Sparse autoencoders reveal what activates individual features in Stable Diffusion

Researchers have developed a mechanistic interpretability technique called latent visualization by optimization (LVO) that adapts feature visualization methods from convolutional neural networks to latent diffusion models. The method uses sparse autoencoders to separate polysemantic layer representations—where one neuron responds to multiple concepts—into monosemantic features that each represent a single recognizable idea.

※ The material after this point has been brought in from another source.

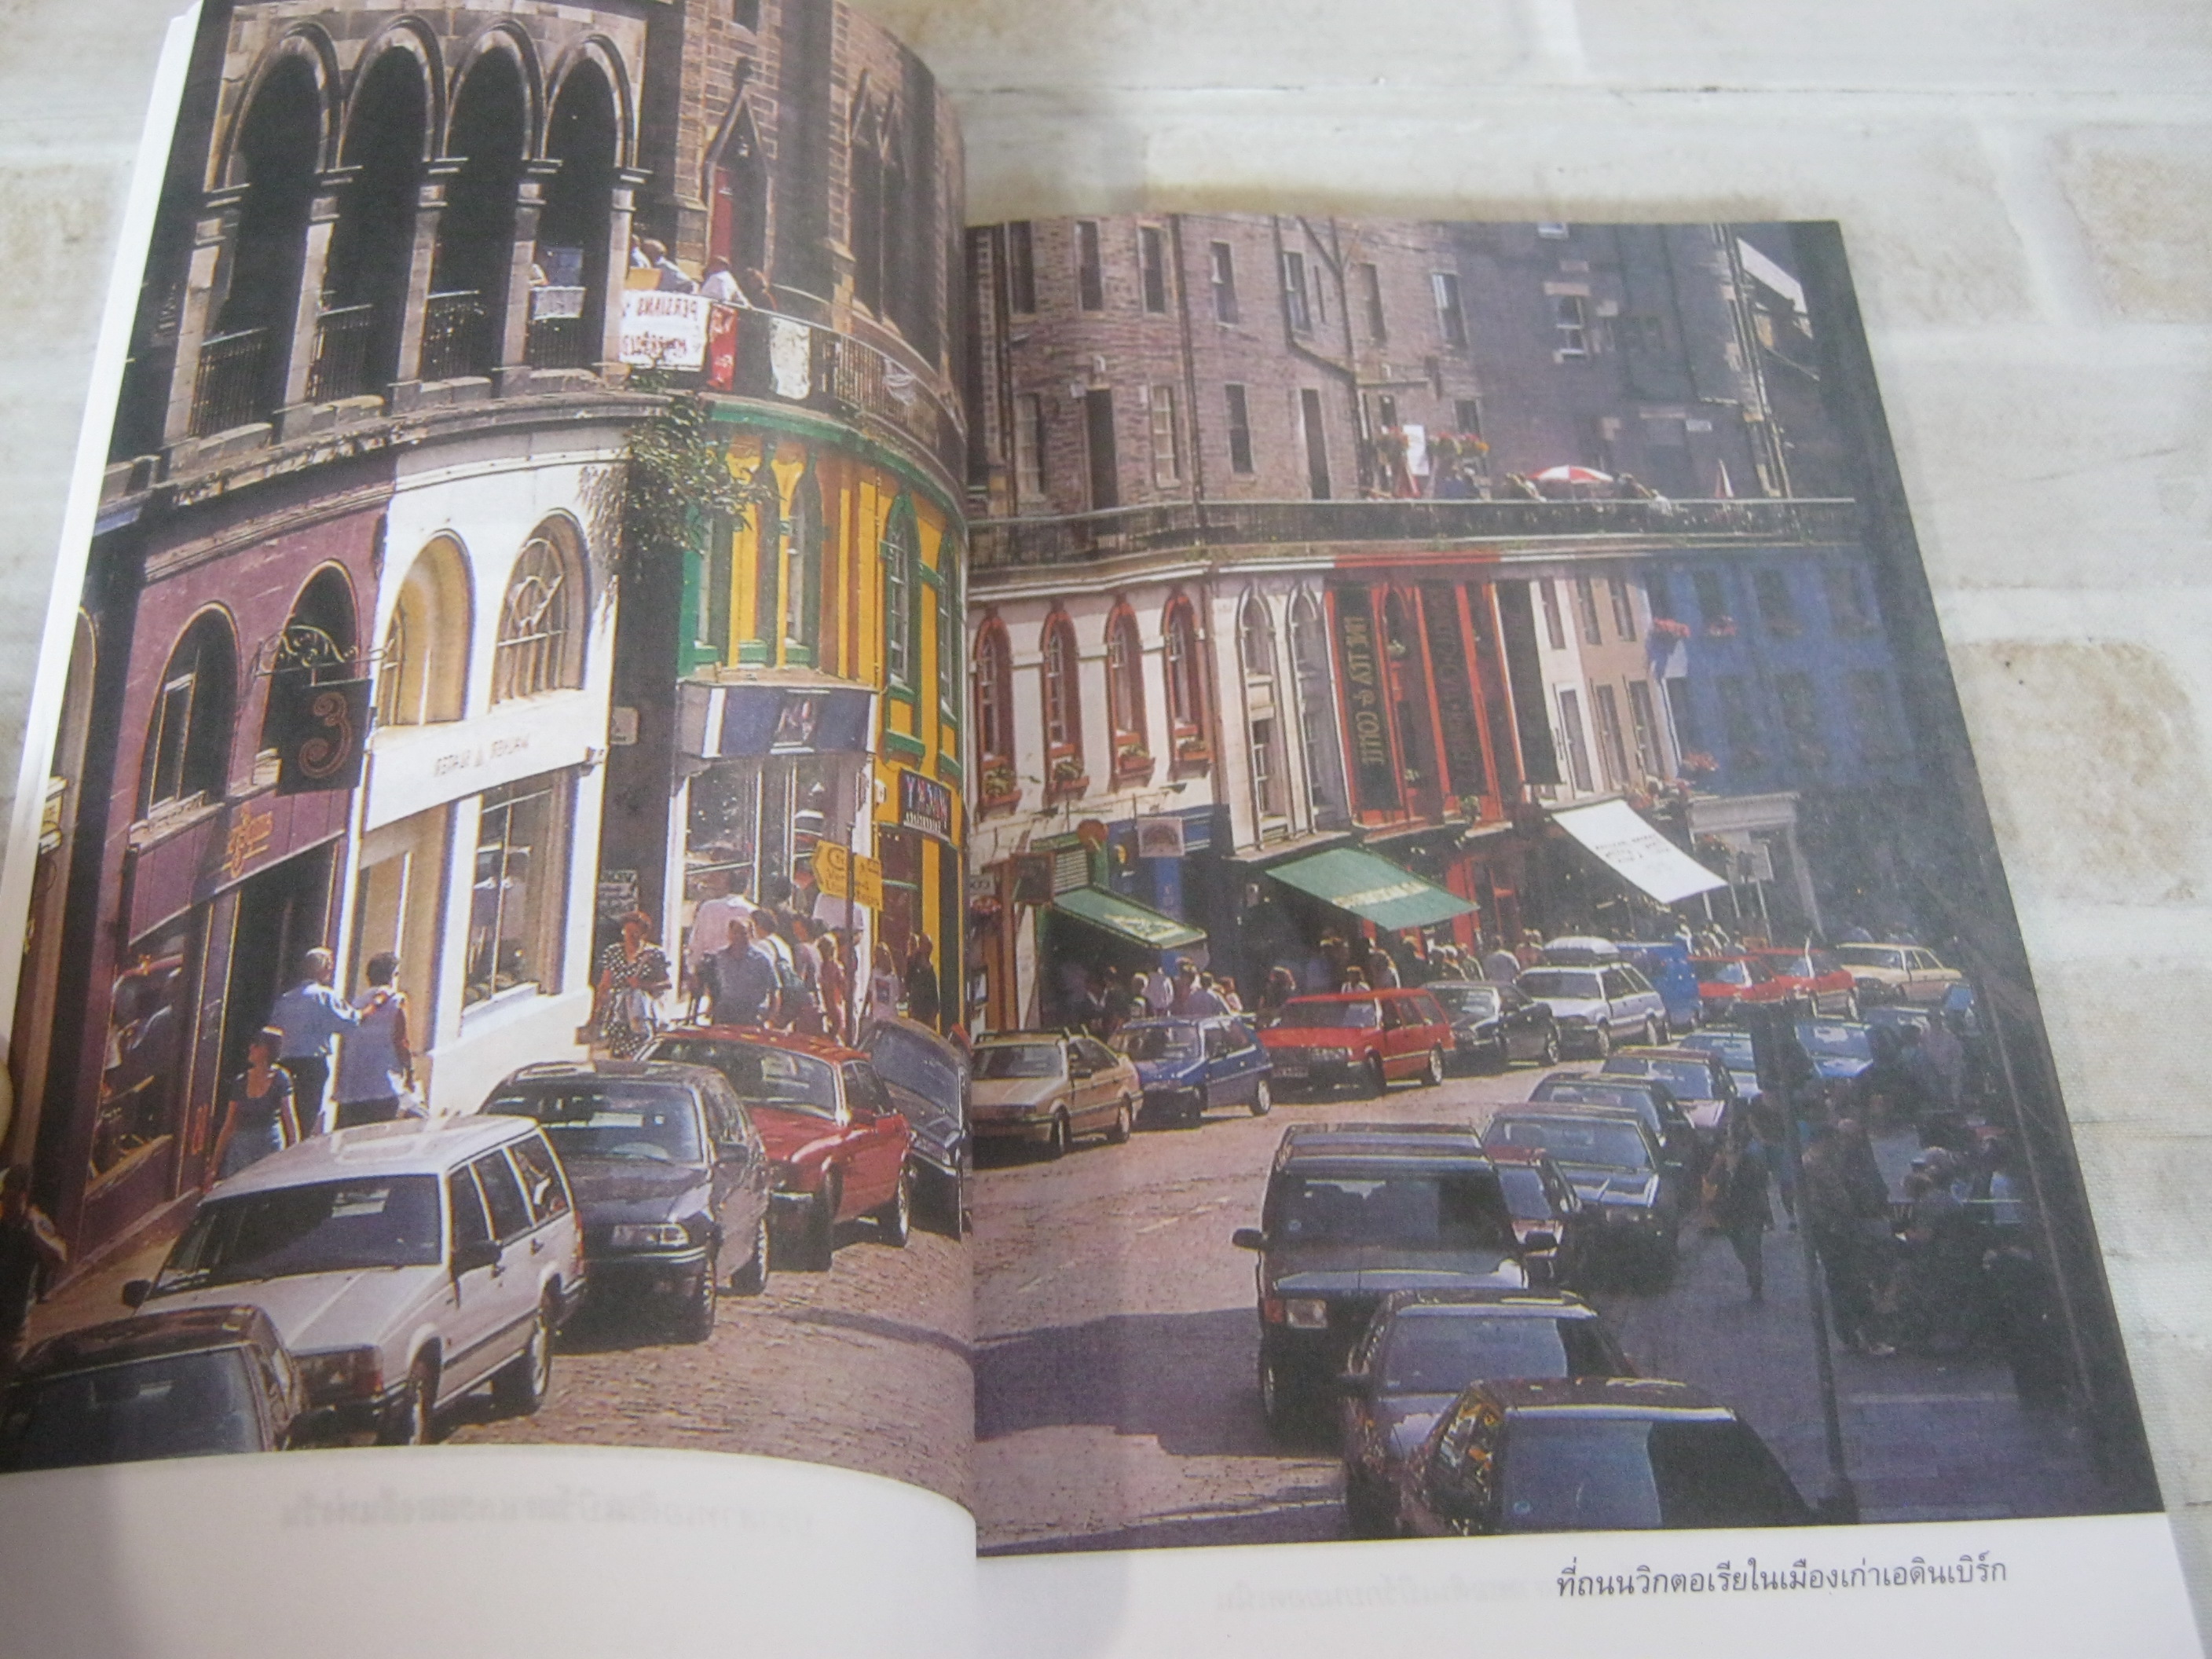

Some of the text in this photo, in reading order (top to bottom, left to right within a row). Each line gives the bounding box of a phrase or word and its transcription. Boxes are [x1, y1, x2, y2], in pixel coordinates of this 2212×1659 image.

The authors demonstrate LVO on Stable Diffusion 1.5 fine-tuned on the Style50 dataset. The technique produces clear visualizations of concepts including diagonal compositions, human figures, roses, cables, and waterfall foam. These visualizations correlate with actual dataset examples but reveal what activates a feature rather than showing the feature's downstream effects on generated images.

What stands out

1. 01Latent-space optimization — The method operates directly in the VAE latent space rather than pixel space, matching how diffusion models actually process images during generation.
2. 02Time-step activity analysis — LVO tracks when features activate across the diffusion process, showing which concepts emerge early versus late in denoising.
3. 03Schedule-matched noise injection — The technique injects noise following the same schedule the model expects during training, improving optimization stability.
4. 04Prior initialization through feature steering — Starting optimization from steered outputs rather than random noise produces faster convergence to interpretable results.
5. 05Regularization transfer — Standard pixel-space regularization techniques work in latent space but require different hyperparameter configurations for raw-layer versus SAE variants. The SAE approach produces more coherent visualizations than the baseline without disentanglement.